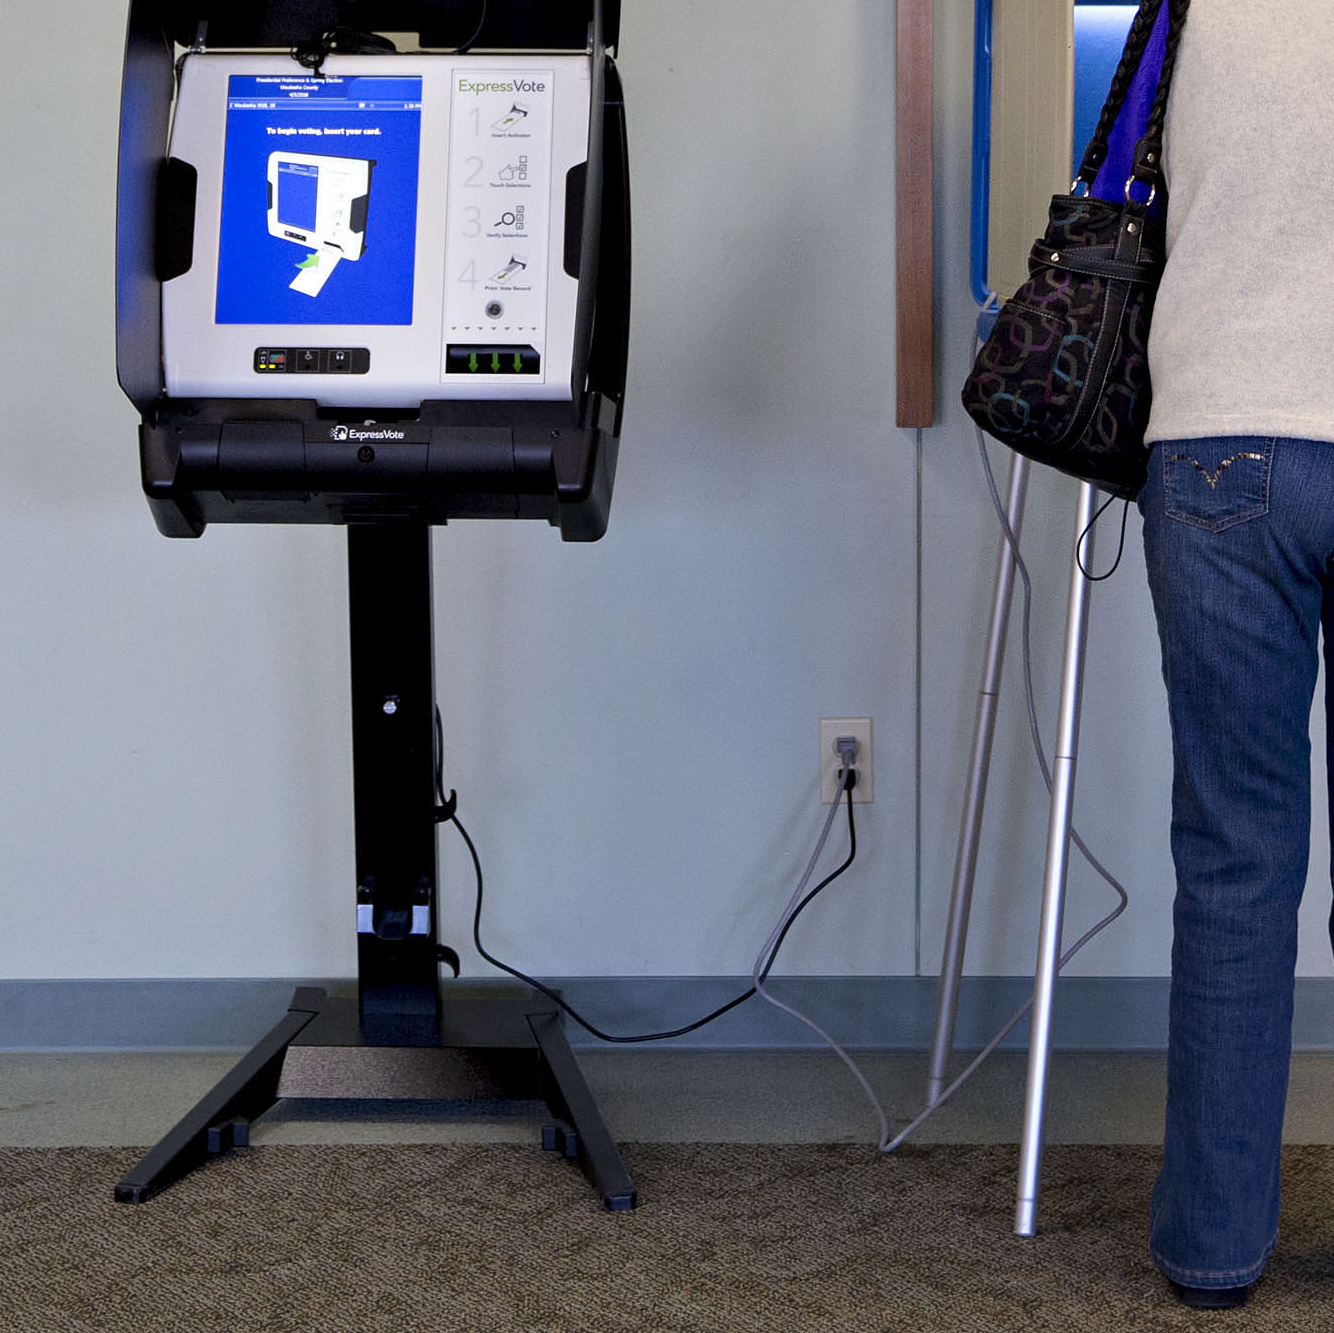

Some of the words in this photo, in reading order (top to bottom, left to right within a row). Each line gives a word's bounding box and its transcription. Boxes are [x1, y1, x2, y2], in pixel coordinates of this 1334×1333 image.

==

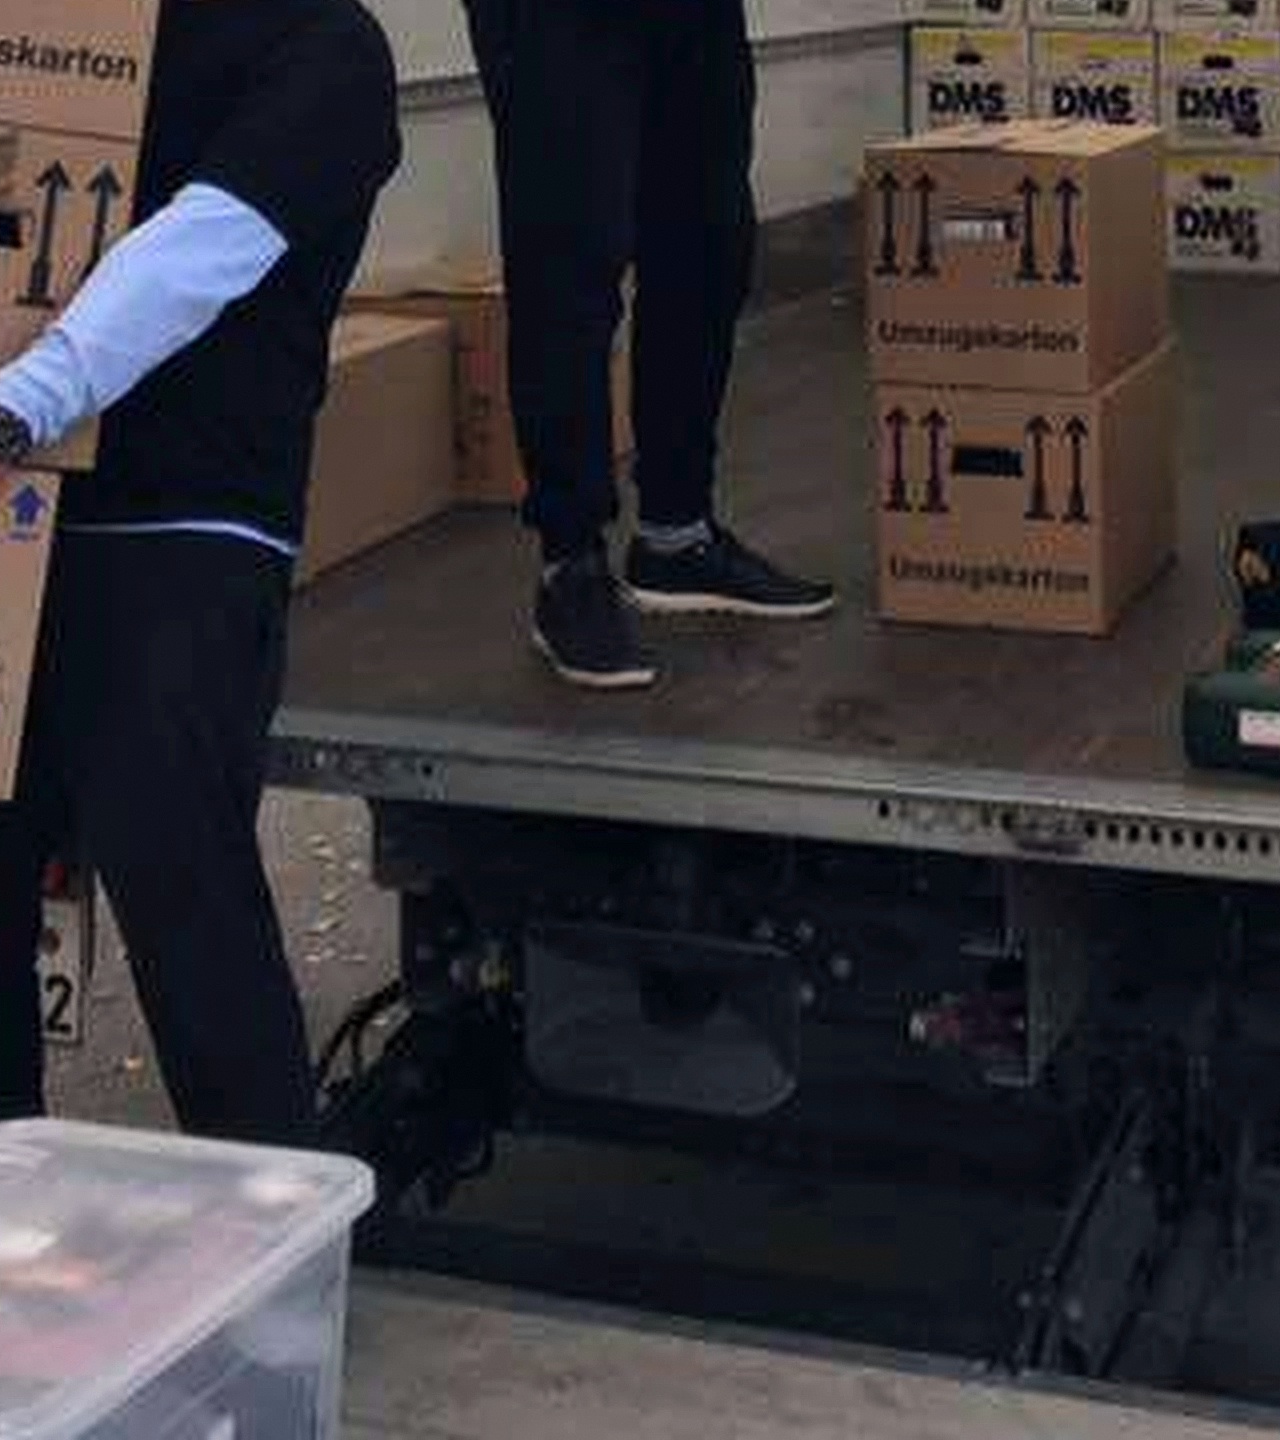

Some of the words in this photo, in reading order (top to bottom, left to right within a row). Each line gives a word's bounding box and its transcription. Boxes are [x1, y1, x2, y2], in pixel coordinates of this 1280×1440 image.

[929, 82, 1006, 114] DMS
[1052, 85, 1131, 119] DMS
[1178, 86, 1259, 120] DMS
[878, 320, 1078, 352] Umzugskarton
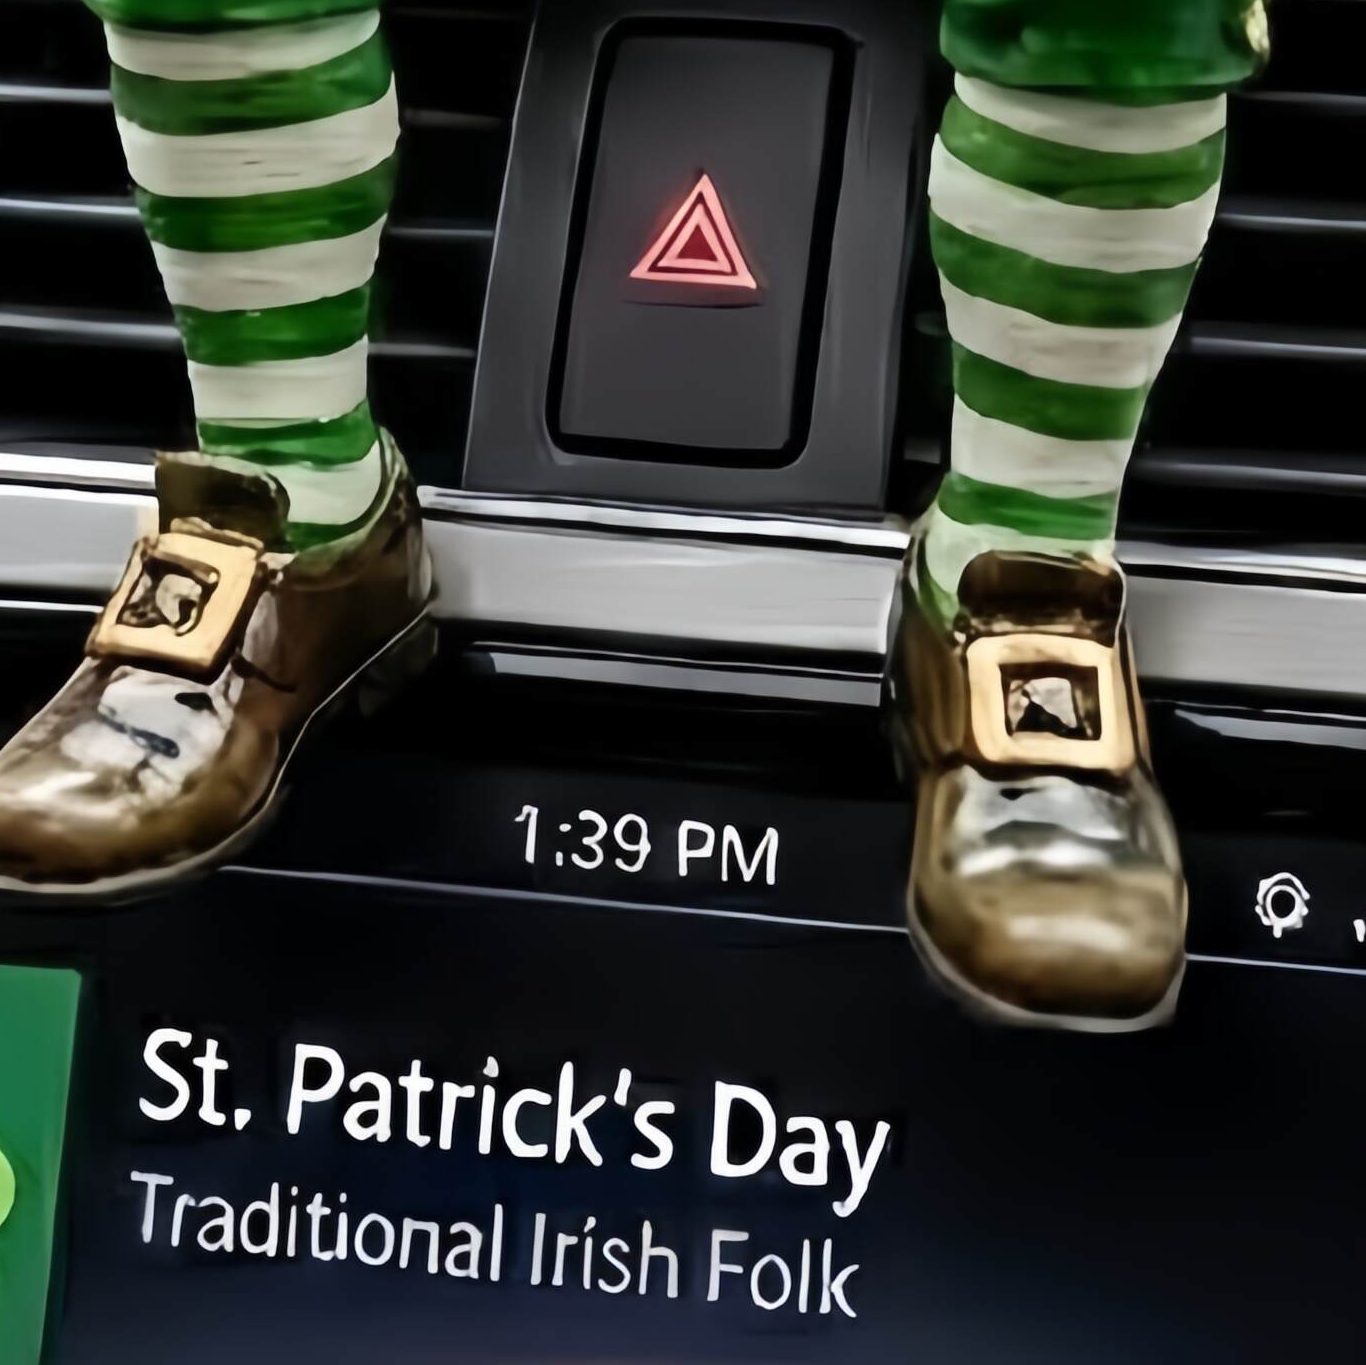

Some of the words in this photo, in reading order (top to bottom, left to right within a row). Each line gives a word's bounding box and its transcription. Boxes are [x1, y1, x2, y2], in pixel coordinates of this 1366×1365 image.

PROBLEM: What belongs in the answer is each line above from the line with "this 1280×1440 image." to the line with "this 1366×1365 image.", inclusive, reproduced exactly and free of pictures.

EXPECTED OUTPUT:
Some of the words in this photo, in reading order (top to bottom, left to right within a row). Each line gives a word's bounding box and its transcription. Boxes are [x1, y1, x2, y2], in pixel coordinates of this 1280×1440 image.

[929, 82, 1006, 114] DMS
[1052, 85, 1131, 119] DMS
[1178, 86, 1259, 120] DMS
[878, 320, 1078, 352] Umzugskarton

Some of the words in this photo, in reading order (top to bottom, left to right within a row). Each line gives a word's bounding box and its transcription. Boxes are [x1, y1, x2, y2], in pixel coordinates of this 1366×1365 image.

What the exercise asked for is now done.